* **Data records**
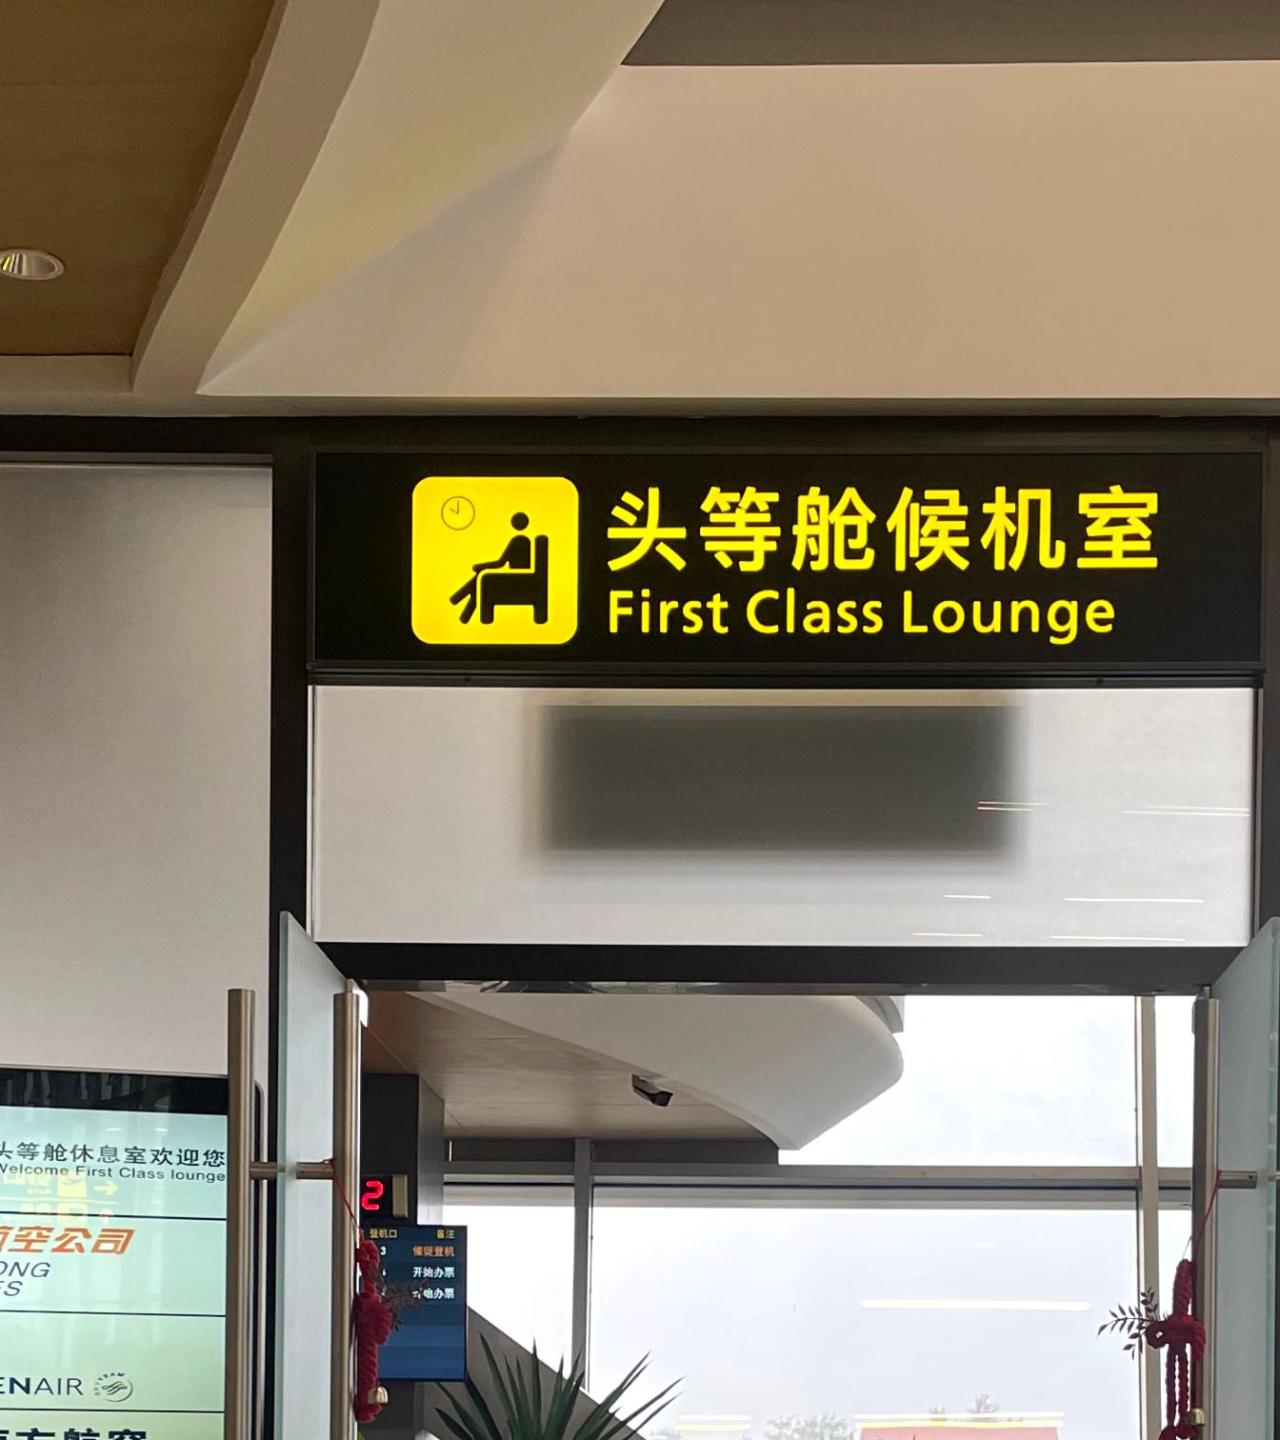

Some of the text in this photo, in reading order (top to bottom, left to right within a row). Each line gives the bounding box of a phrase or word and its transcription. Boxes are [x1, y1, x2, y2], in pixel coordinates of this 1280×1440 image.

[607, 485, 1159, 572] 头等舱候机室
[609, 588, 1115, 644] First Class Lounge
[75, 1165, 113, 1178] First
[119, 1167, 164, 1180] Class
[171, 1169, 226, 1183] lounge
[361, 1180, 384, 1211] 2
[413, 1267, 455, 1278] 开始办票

* **Work instructions**
A faithful copy of all the data above, without its pictures, is the expected result.

* **Answer to this task**
Some of the text in this photo, in reading order (top to bottom, left to right within a row). Each line gives the bounding box of a phrase or word and its transcription. Boxes are [x1, y1, x2, y2], in pixel coordinates of this 1280×1440 image.

[607, 485, 1159, 572] 头等舱候机室
[609, 588, 1115, 644] First Class Lounge
[75, 1165, 113, 1178] First
[119, 1167, 164, 1180] Class
[171, 1169, 226, 1183] lounge
[361, 1180, 384, 1211] 2
[413, 1267, 455, 1278] 开始办票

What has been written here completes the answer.